Sebagai gambaran mengenai qanun jinayat khususnya tentang hukuman sebat di Malaysia, di sini dipaparkan butir-butir ketetapan atau kaidah-kaidah hukum sebat yang berlaku di Kerajaan Kelantan, yang dikutip sebagaimana aslinya. Hukuman sebat ini diberi nama:  Kanun Jenayah Syariah 1985 (Kedah-kaedah Hukuman Sebat 1987), sebagai berikut:

Pada menjalankan kuasa-kuasa yang diberi oleh seksyen 35 Kanun Jenayah Syariah 1985, Raja dengan ini membuat Kaedah-Kaedah yang berikut :
1.            Kaedah-Kaedah ini bolehlah dinamakan Kaedah-Kaedah Hukuman Sebat 1987 dan hendaklah disifatkan telah mula berkuatkuasa pada Hib Mei 1987.

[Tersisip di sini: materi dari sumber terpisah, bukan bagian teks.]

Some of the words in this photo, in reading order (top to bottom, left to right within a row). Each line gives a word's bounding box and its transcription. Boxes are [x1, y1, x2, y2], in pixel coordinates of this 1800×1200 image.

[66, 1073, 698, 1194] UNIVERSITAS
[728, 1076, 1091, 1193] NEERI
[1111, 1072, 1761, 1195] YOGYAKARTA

2.            Dalam Kaedah-Kaedah ini melainkan isi kandungannya menghendakkan makna lain: "rotan" ertinya rotan yang berukuran satu meter panjang dan satu sentimeter garis pusat; "sebat" ertinya pukulan dengan rotan oleh pegawai yang ditugas khas oleh pihak berkuasa penjara.

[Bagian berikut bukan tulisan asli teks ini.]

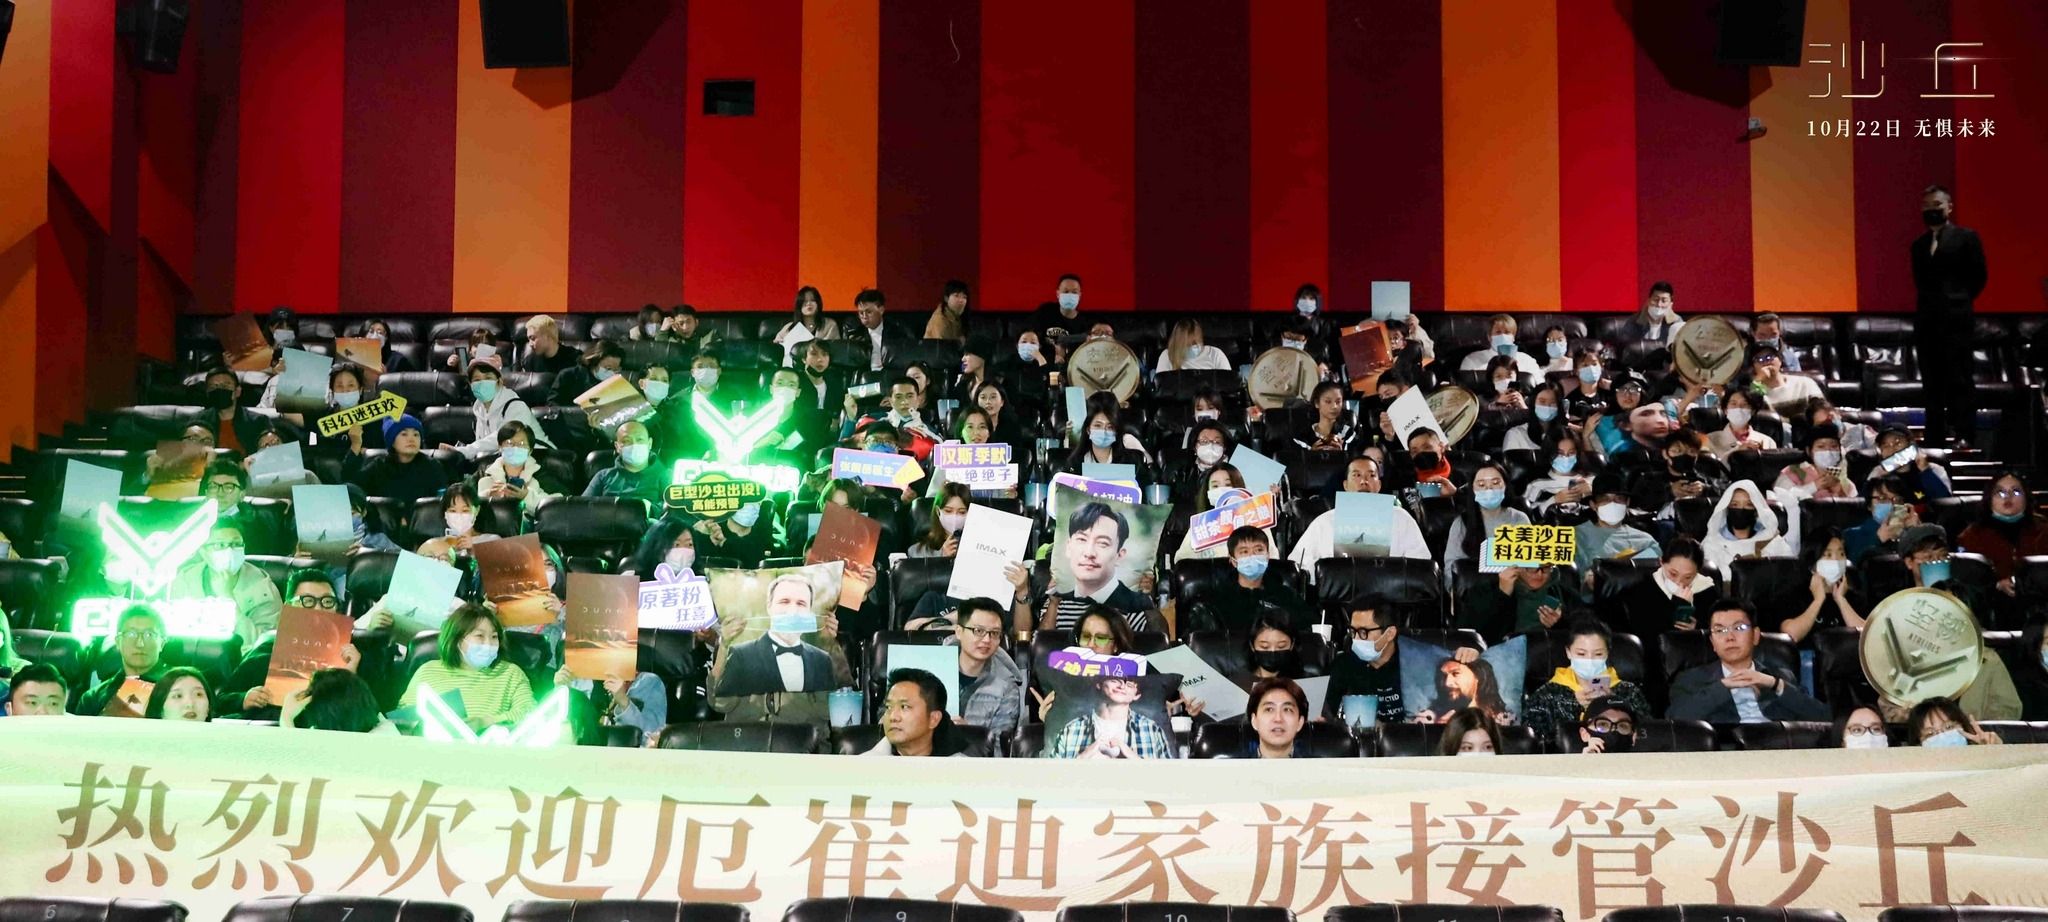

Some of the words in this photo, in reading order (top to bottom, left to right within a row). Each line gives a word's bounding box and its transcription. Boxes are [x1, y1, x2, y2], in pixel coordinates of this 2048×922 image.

[320, 397, 399, 433] 科幻迷狂欢
[942, 446, 1006, 466] 汉斯季默
[964, 468, 1012, 482] 绝绝子
[692, 497, 740, 511] 高能预警
[1495, 526, 1573, 544] 大美沙丘
[975, 542, 1008, 557] IMAX
[1494, 544, 1573, 562] 科幻革新
[638, 585, 702, 610] 原著粉
[676, 605, 707, 623] 狂喜
[45, 762, 1992, 919] 热烈欢迎厄崔迪家族接管沙丘
[46, 904, 57, 919] 6
[342, 906, 354, 922] 7

3.            Apabila seseorang pesalah dihukum sehat maka hukuman itu hendaklah dijalankan di tempat dan masa seperti yang diarahkan oleh Mahkamah.
4.            Pelaksanaan sebat hendaklah disaksikan oleh sekurang-kurangnya empat orang lelaki Islam.

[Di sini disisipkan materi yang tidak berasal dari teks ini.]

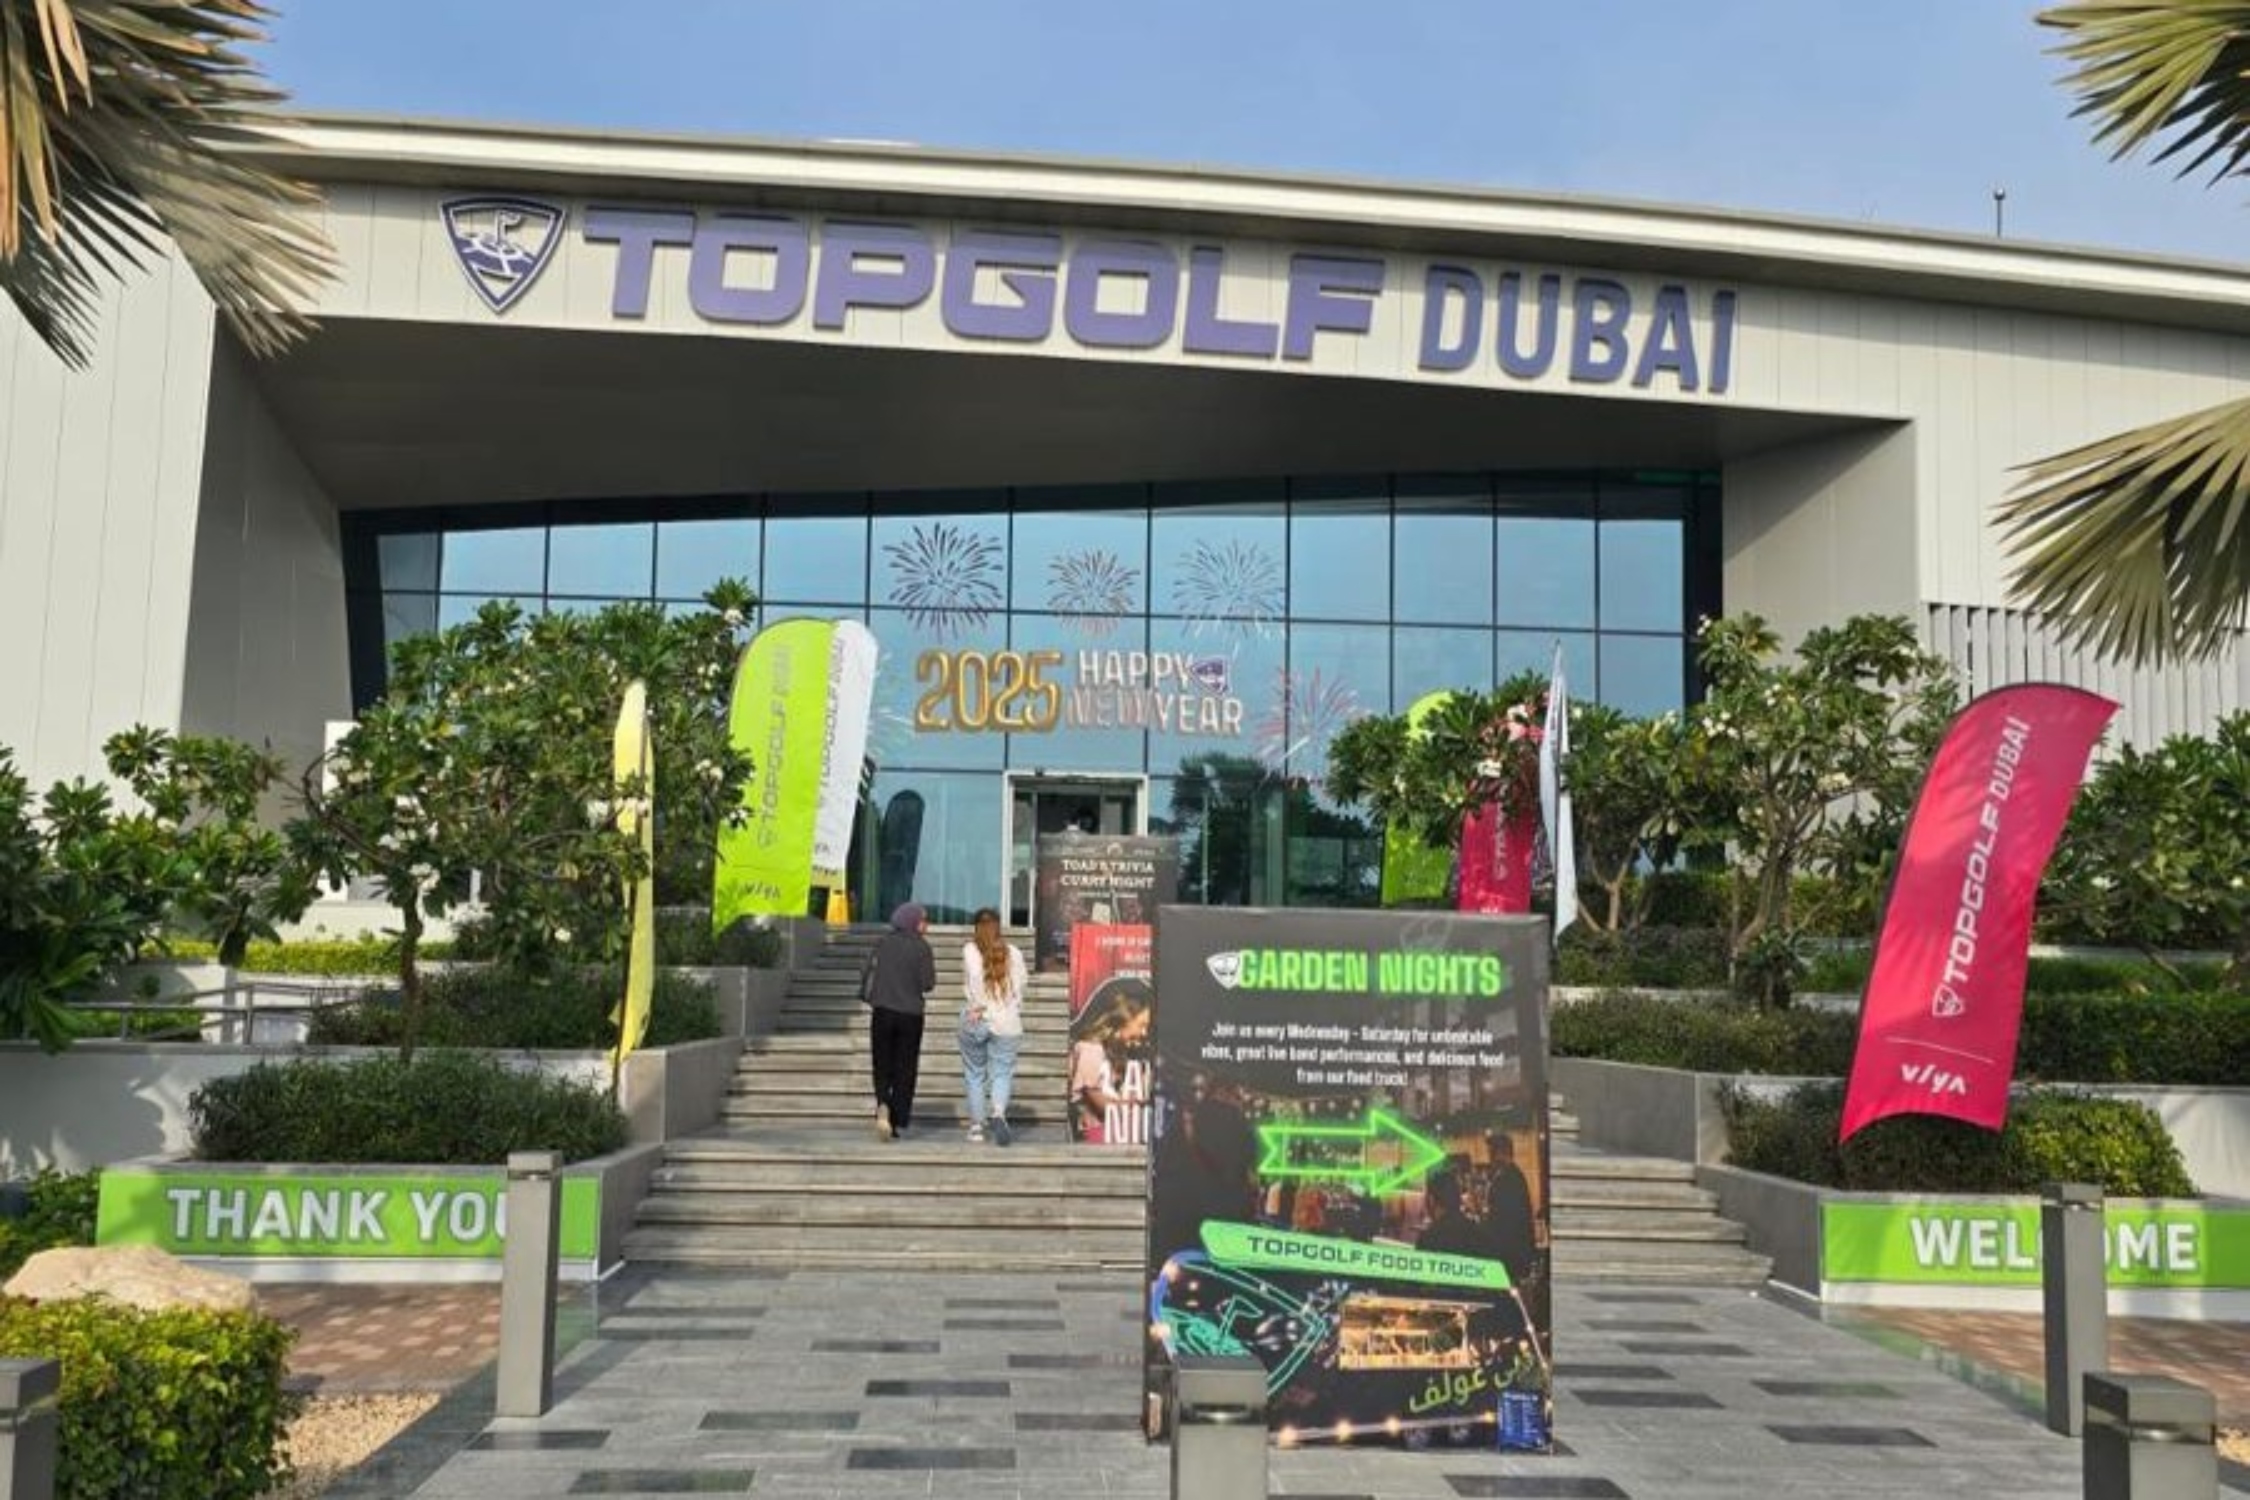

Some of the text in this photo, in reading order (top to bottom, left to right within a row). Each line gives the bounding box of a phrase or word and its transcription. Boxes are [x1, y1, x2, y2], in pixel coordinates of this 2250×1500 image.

[583, 205, 1738, 395] TOPGOLF DUBAI
[916, 649, 1193, 733] 2025 HAPPY
[1151, 693, 1244, 735] YEAR
[1943, 716, 2030, 985] TOPGOLF DUBAI
[1238, 949, 1501, 997] GARDEN NIGHTS
[1237, 1045, 1265, 1062] great
[1320, 1048, 1400, 1066] performances,
[1404, 1051, 1424, 1065] and
[1427, 1051, 1476, 1066] delicious
[1239, 1026, 1252, 1038] us
[1254, 1026, 1285, 1042] every
[1287, 1023, 1349, 1043] Wednesday
[1361, 1027, 1410, 1045] Saturday
[1297, 1067, 1323, 1084] from
[1327, 1071, 1344, 1084] our
[1347, 1069, 1373, 1085] food
[168, 1188, 386, 1241] THANK
[1247, 1236, 1485, 1279] TOPGOLF FOOD TRUCK
[1910, 1217, 2196, 1270] WELME

5.            (1) Hukuman sebat itu tidak boleh dijalankan sehingga tamat tempoh empat belas hari daripada tarikh hukuman itu atau, jika ada rayuan, sehingga keputusan dibuat oleh Mahkamah Rayuan Syariah.
(2) Hukuman sebat itu hendaklah dijalankan seberapa segera yang boleh selepas tamat tempoh seperti di bawah sub-kaedah (1).
6.            Pukulan hendaklah dengan menggunakan rotan yang ditetapkan.
7.            Pukulan sebat hendaklah di merata-rat anggota tubuh kecuali muka, kepala, dada dan kemaluan.
8.            (1) Pukulan sebat hendaklah dengan cara sederhana.
   (2) Orang yang menyebat tidak boleh mengangkat rotan hingga ke atas kepalanya.
         (3) Pukulan sebat hendaklah berturut-turut dan tidak melebihi bilangan   yang diperintahkan oleh Makamah.
9.            Ketika disebat pesalah hendaklah berdiri dan memakai pakaian nipis yang menutup auratnya mengikut Hukum Syarak.
10.        (1)Tiada pukulan sebat boleh dibuat melainkan di hadapan pegawai perubatan yang beragama Islam dan telah mengesahkan bahawa pesalah itu sihat dan layak menerima pukulan itu.
(2)Jika dalam masa menjalankan pukulan itu pegawai perubatan menge­sah­kan yang pesalah itu tidak boleh lagi menerima pukulan maka ianya hendaklah diberhentikan.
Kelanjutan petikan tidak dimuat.